TO DO: Copying each record below exactly is the whole task.

Records from a collection
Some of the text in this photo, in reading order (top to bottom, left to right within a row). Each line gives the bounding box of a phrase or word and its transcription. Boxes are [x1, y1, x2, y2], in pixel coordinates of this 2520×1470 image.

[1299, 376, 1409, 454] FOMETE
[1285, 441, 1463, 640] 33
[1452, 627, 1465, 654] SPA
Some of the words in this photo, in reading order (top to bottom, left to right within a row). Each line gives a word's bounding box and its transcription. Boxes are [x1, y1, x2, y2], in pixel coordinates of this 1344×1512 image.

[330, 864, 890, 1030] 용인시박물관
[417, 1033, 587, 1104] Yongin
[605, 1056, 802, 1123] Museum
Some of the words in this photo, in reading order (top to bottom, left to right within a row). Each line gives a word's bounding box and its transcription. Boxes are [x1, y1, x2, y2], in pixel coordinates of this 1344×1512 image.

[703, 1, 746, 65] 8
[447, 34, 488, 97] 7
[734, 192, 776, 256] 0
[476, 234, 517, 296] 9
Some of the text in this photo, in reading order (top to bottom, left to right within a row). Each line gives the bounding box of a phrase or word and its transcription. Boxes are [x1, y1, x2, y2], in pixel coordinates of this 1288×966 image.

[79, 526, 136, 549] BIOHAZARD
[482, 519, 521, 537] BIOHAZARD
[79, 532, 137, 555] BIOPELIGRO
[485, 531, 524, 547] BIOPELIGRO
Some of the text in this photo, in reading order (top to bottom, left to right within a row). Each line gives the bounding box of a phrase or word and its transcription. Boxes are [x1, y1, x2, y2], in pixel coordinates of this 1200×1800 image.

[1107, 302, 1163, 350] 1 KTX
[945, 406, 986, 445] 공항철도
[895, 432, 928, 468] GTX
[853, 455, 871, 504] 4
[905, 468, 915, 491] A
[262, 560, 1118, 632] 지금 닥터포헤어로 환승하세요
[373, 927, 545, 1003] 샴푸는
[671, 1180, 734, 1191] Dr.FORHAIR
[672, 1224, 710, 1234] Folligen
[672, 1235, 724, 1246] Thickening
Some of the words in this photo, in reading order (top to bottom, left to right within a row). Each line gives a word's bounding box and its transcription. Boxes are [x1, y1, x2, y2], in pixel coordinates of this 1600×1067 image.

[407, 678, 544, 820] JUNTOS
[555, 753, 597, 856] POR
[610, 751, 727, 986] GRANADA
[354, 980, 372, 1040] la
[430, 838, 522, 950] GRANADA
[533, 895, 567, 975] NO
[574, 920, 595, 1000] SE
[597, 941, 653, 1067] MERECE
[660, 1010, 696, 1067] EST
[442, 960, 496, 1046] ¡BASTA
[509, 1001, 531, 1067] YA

FINISHED TASK:
Some of the text in this photo, in reading order (top to bottom, left to right within a row). Each line gives the bounding box of a phrase or word and its transcription. Boxes are [x1, y1, x2, y2], in pixel coordinates of this 2520×1470 image.

[1299, 376, 1409, 454] FOMETE
[1285, 441, 1463, 640] 33
[1452, 627, 1465, 654] SPA
Some of the words in this photo, in reading order (top to bottom, left to right within a row). Each line gives a word's bounding box and its transcription. Boxes are [x1, y1, x2, y2], in pixel coordinates of this 1344×1512 image.

[330, 864, 890, 1030] 용인시박물관
[417, 1033, 587, 1104] Yongin
[605, 1056, 802, 1123] Museum
Some of the words in this photo, in reading order (top to bottom, left to right within a row). Each line gives a word's bounding box and its transcription. Boxes are [x1, y1, x2, y2], in pixel coordinates of this 1344×1512 image.

[703, 1, 746, 65] 8
[447, 34, 488, 97] 7
[734, 192, 776, 256] 0
[476, 234, 517, 296] 9
Some of the text in this photo, in reading order (top to bottom, left to right within a row). Each line gives the bounding box of a phrase or word and its transcription. Boxes are [x1, y1, x2, y2], in pixel coordinates of this 1288×966 image.

[79, 526, 136, 549] BIOHAZARD
[482, 519, 521, 537] BIOHAZARD
[79, 532, 137, 555] BIOPELIGRO
[485, 531, 524, 547] BIOPELIGRO
Some of the text in this photo, in reading order (top to bottom, left to right within a row). Each line gives the bounding box of a phrase or word and its transcription. Boxes are [x1, y1, x2, y2], in pixel coordinates of this 1200×1800 image.

[1107, 302, 1163, 350] 1 KTX
[945, 406, 986, 445] 공항철도
[895, 432, 928, 468] GTX
[853, 455, 871, 504] 4
[905, 468, 915, 491] A
[262, 560, 1118, 632] 지금 닥터포헤어로 환승하세요
[373, 927, 545, 1003] 샴푸는
[671, 1180, 734, 1191] Dr.FORHAIR
[672, 1224, 710, 1234] Folligen
[672, 1235, 724, 1246] Thickening
Some of the words in this photo, in reading order (top to bottom, left to right within a row). Each line gives a word's bounding box and its transcription. Boxes are [x1, y1, x2, y2], in pixel coordinates of this 1600×1067 image.

[407, 678, 544, 820] JUNTOS
[555, 753, 597, 856] POR
[610, 751, 727, 986] GRANADA
[354, 980, 372, 1040] la
[430, 838, 522, 950] GRANADA
[533, 895, 567, 975] NO
[574, 920, 595, 1000] SE
[597, 941, 653, 1067] MERECE
[660, 1010, 696, 1067] EST
[442, 960, 496, 1046] ¡BASTA
[509, 1001, 531, 1067] YA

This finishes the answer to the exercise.